The Invited Page 7

    She loved him for many reasons, but mostly because of the way he balanced her out, grounded her, took her most ethereal ideas and found a way to give them form. If he said building a house made more sense than buying one, then he was probably right. And if he said there was a way to do it and give Helen the sense of history she longed for, then she had to believe him.

Helen reached over the pizza box, picked up one of the glossy New England real estate flyers, and flipped to the back, to where the land listings were. She started looking at pictures of vacant lots, doing her best to imagine her dream house standing there, she and Nate tucked safely inside.

* * *

. . .

This is where our house will go, Helen thought now as she watched the men work on the foundation. She could almost imagine the lines of it, the shadow it would cast, the roof reaching up to touch the impossibly blue sky. The clouds were so low, so vivid, she was sure that if she climbed the hill, she’d be able to reach out and touch them. It was like being in a child’s drawing of the perfect landscape: trees, sky and clouds, happy yellow sun, and, beneath it, a square box of a house with a smiling couple standing outside.

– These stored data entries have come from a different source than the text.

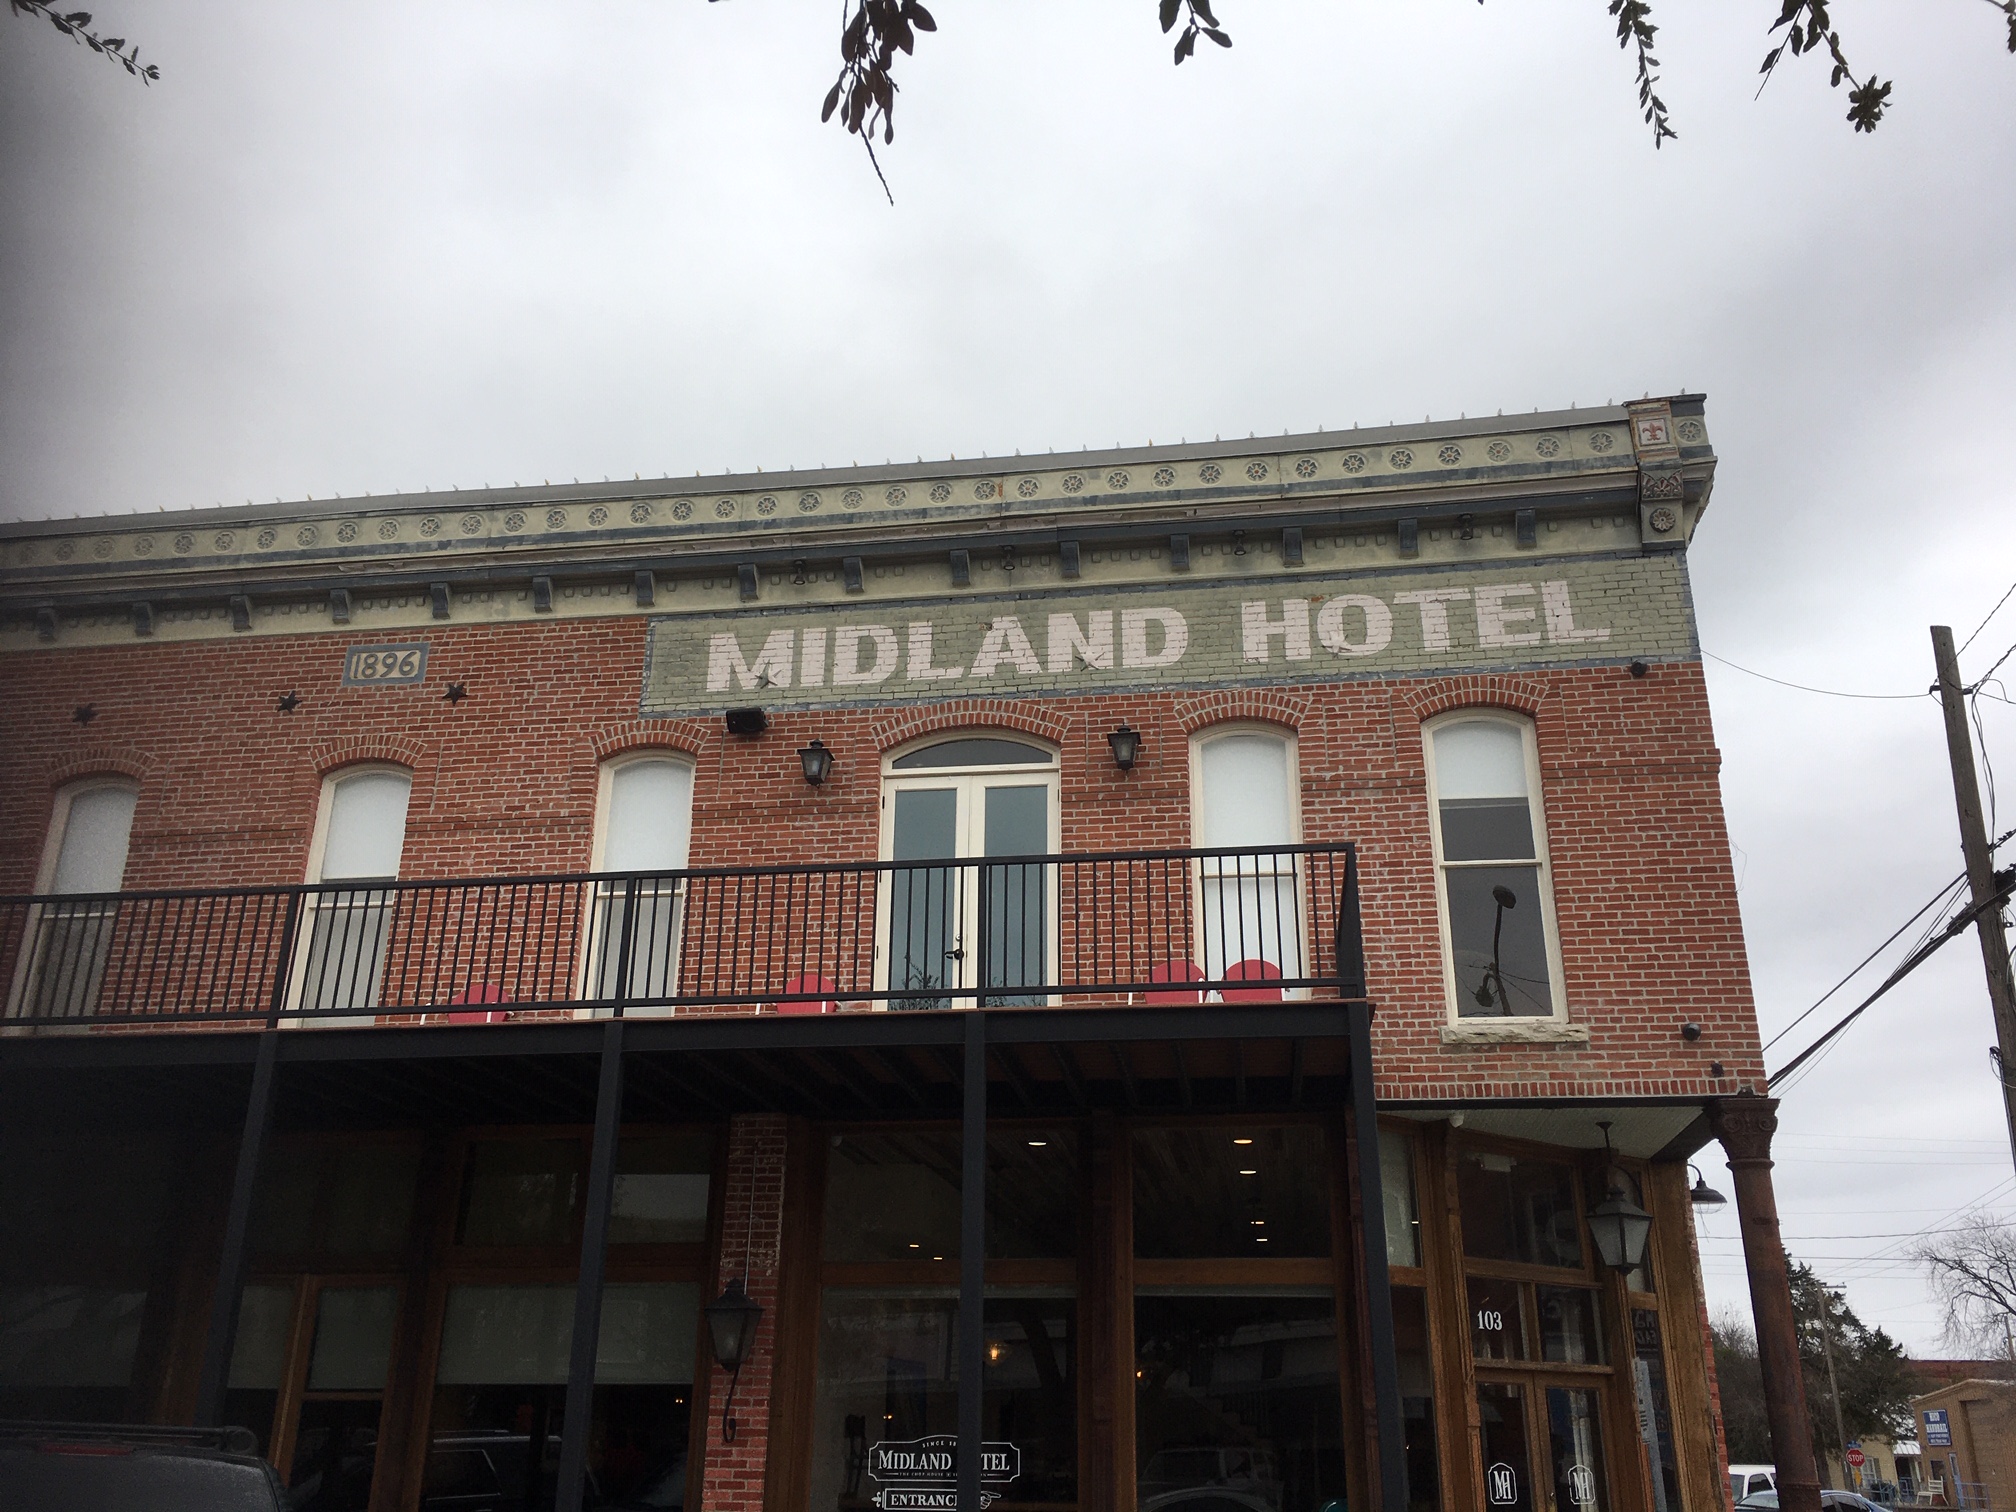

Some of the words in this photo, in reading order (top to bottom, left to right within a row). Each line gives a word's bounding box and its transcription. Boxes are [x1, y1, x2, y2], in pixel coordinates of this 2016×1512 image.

[705, 606, 1189, 693] MIDLAND
[1240, 580, 1612, 664] HOTEL
[353, 651, 418, 679] 1896
[1477, 1310, 1503, 1330] 103
[922, 1440, 945, 1448] SINCE
[878, 1450, 952, 1470] MIDLAND
[981, 1453, 1010, 1471] TEL

They had discovered this piece of land back in January and made an offer that day. The craziest part was it wasn’t even on their list to look at—they’d found it when they got lost looking for an old covered bridge Helen had seen signs for. They stopped at a general store for directions and there on the bulletin board was an ad for the land: forty-four acres in the small village of Hartsboro, Vermont. They called the realtor and arranged to meet him out there that afternoon. Half of the land was wooded, but the western part of the property consisted of the Breckenridge Bog. Land not useful for farming or building. Land that, local legend claimed—the realtor said this with a chuckle—was haunted. As they trudged out through a foot and a half of freshly fallen snow to look at the property, Nate chuckled with him. He said, “Do you think the seller would accept a lower offer on the basis that the land is known to be haunted?”

    “I think,” the realtor said, turning serious again, “the seller is highly motivated and would consider any reasonable offer.”

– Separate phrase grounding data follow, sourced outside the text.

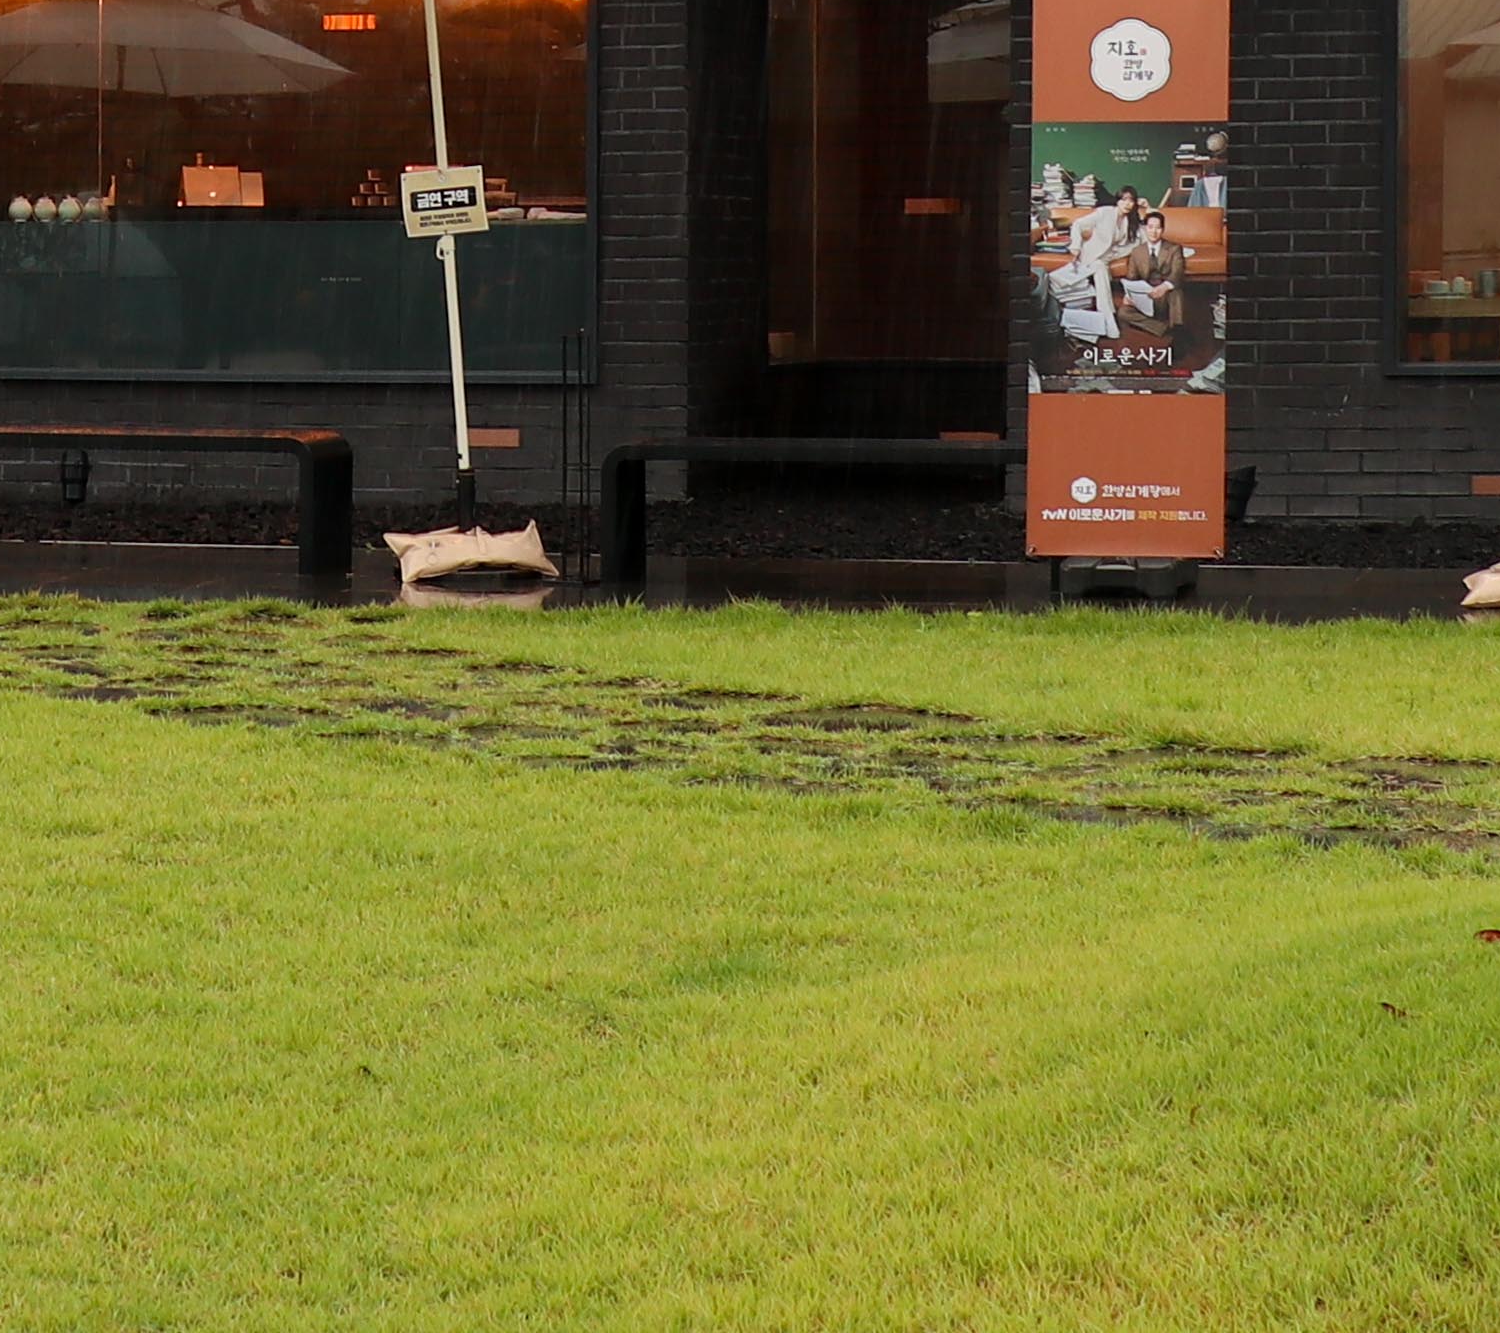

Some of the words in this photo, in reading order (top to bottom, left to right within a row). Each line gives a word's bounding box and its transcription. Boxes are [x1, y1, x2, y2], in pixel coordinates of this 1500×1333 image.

[1107, 40, 1139, 56] 지호
[416, 192, 442, 209] 금연
[443, 189, 470, 205] 구역
[1083, 347, 1173, 366] 이로운사기
[1041, 508, 1067, 520] tvN
[1068, 508, 1135, 521] 이로운사기를

They were in a large clearing with a hillside in front of them, woods to the right and left, the single-lane dirt road behind them. As they walked, it began to snow big, thick flakes that caught on Helen’s eyelashes. Their feet sank in the perfect white snow and Helen looked at the trees, blanketed in white, softly bent with the weight of it. Helen was struck by the quiet, the serenity of the landscape.

“Haunted?” Helen asked, circling back. “Really?”

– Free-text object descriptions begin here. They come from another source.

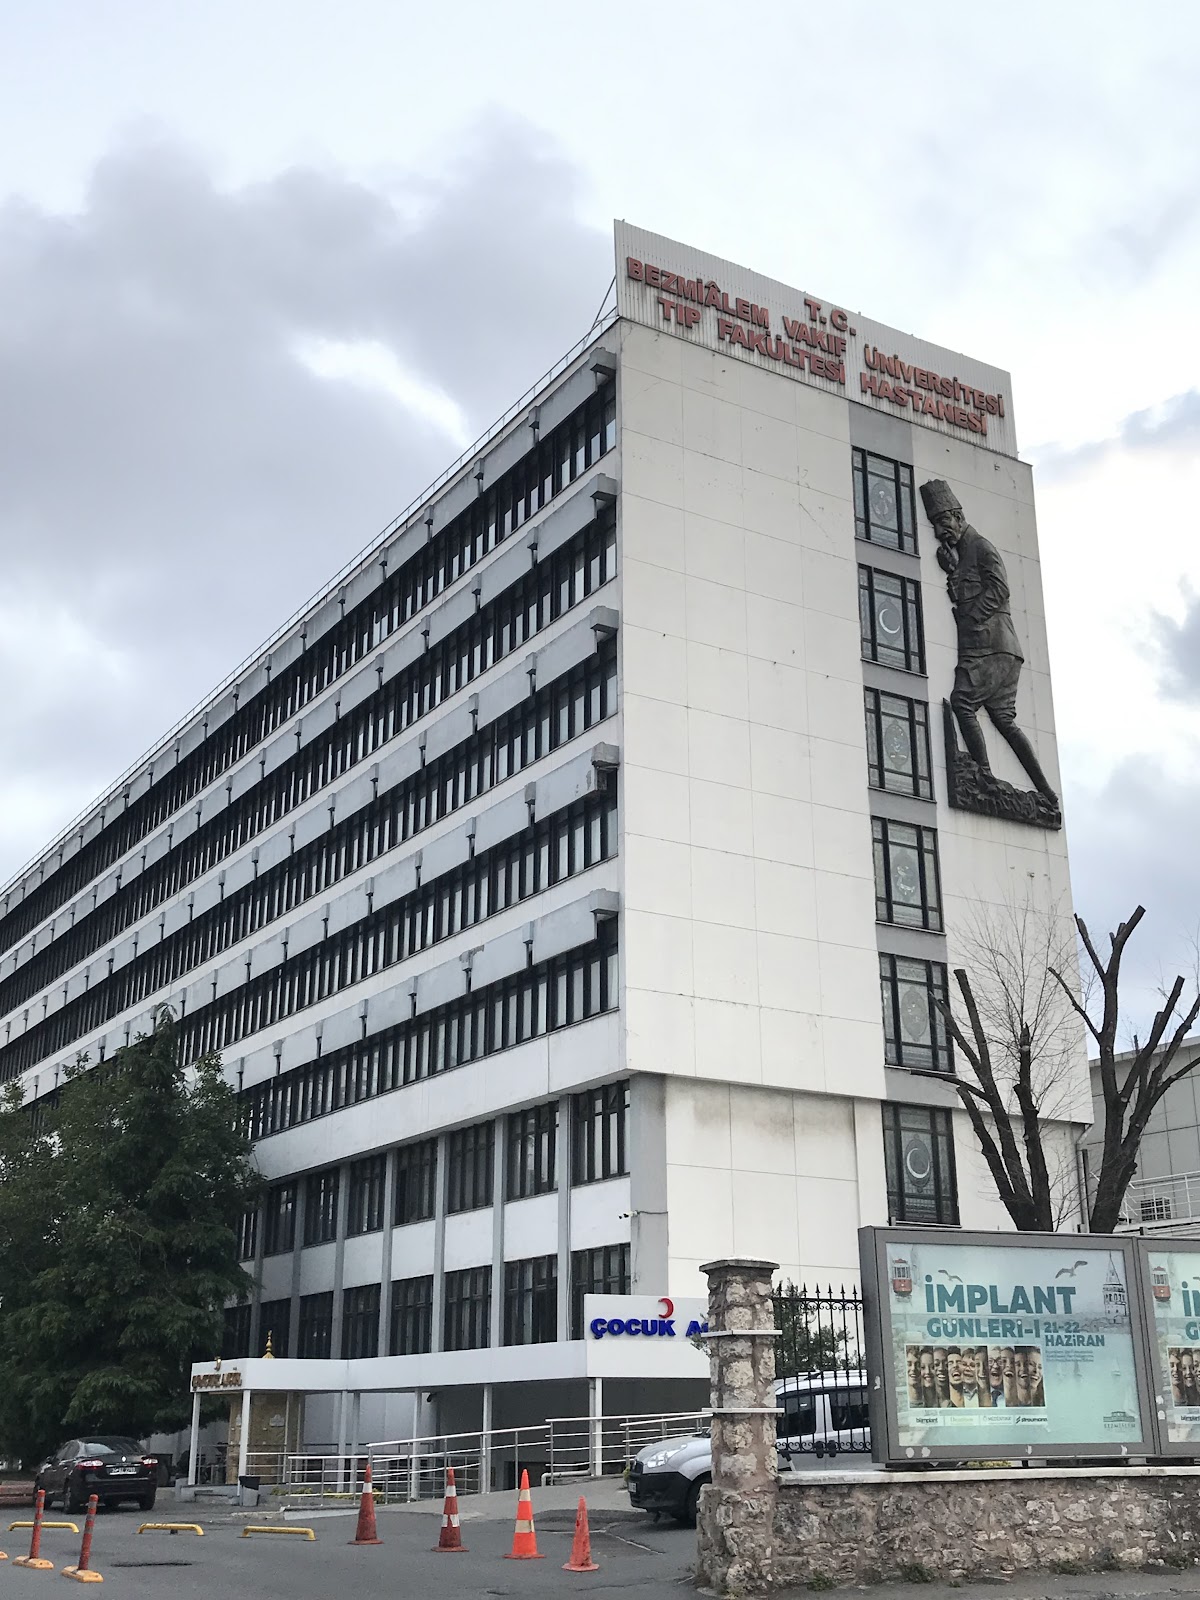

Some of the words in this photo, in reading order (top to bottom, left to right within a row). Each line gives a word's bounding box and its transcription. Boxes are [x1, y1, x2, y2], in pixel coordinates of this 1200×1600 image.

[804, 299, 856, 336] T.C.
[626, 256, 769, 329] BEZMİÂLEM
[782, 316, 847, 357] VAKIF
[864, 343, 1005, 417] ÜNİVERSİTESİ
[657, 297, 701, 328] TIP
[718, 317, 846, 385] FAKÜLTESİ
[860, 372, 988, 436] HASTANESİ
[924, 1274, 1076, 1314] İMPLANT
[590, 1318, 676, 1339] ÇOCUK
[1043, 1321, 1080, 1333] 21-22
[1045, 1334, 1105, 1346] HAZİRAN

The realtor nodded, then looked a little like he was sorry he’d mentioned it. “That’s what people say.” He shrugged, as if he didn’t really know the story, and he started telling them that the back of the property was bordered by a class three road that became a snowmobile trail in the winter. “You folks get yourselves a couple of snow machines and you’ll be in business,” he said. “But seriously,” he added. “What you’ve gotta understand is that even though this place is forty-four acres, only about four acres are suitable for building. The rest is just too hilly or marshy. That’s why the low price.”

Helen did not believe in ghosts. But she believed in history. “Hey, it’s not every piece of property that comes with its very own ghost,” Helen whispered to Nate. If there was a ghost story attached to this land, then that meant the land had a story to tell. Maybe she wouldn’t get her hundred-year-old house with stories to tell, but she could settle for a place with history, a mystery even.

Nate nodded, wiggled his fingers, and made a ghostly Oooo sound.

Nate pointed out the sugar maples on the back hill and said they could tap the trees, boil the sap, and make syrup. “Can’t get much more quintessential Vermont than that!” he said excitedly.

As they walked around the land, Helen had this strange sense of familiarity, of déjà vu almost, like she’d been there before. Silly, really.

They saw the flat area with good southern exposure that would make a perfect building site and the old green trailer that stood on the edge of the clearing.

“We can live in the trailer while we build,” Nate said. Then he leaned in and whispered excitedly to Helen, “It’s perfect! It’s got everything we’ve been hoping for and then some.”

And it did seem perfect. Almost too perfect—it was exactly like the land Nate had been describing that they would find, the land he’d promised her. Helen had this sense then. This land—their new home—was meant to be; it had been waiting for them, calling to them. But the thought was not entirely a warm and comforting one; no, it was more like a prickle on the back of the neck. It both drew her to the place and made her want to get in the car and race all the way back to their condo in Connecticut.

    “I don’t know what kind of shape that old mobile home’s in,” the realtor admitted. “The seller was using this place as a hunting camp, but he hasn’t come up in a long time. It’s got plumbing and electricity, but I don’t know if it works. It’s being sold as-is.”

Helen looked at the vintage trailer, aluminum and faded green, and guessed it to be about thirty feet long and maybe eight feet wide, up on cinder blocks. The roof wasn’t falling in, and the louvered windows weren’t broken.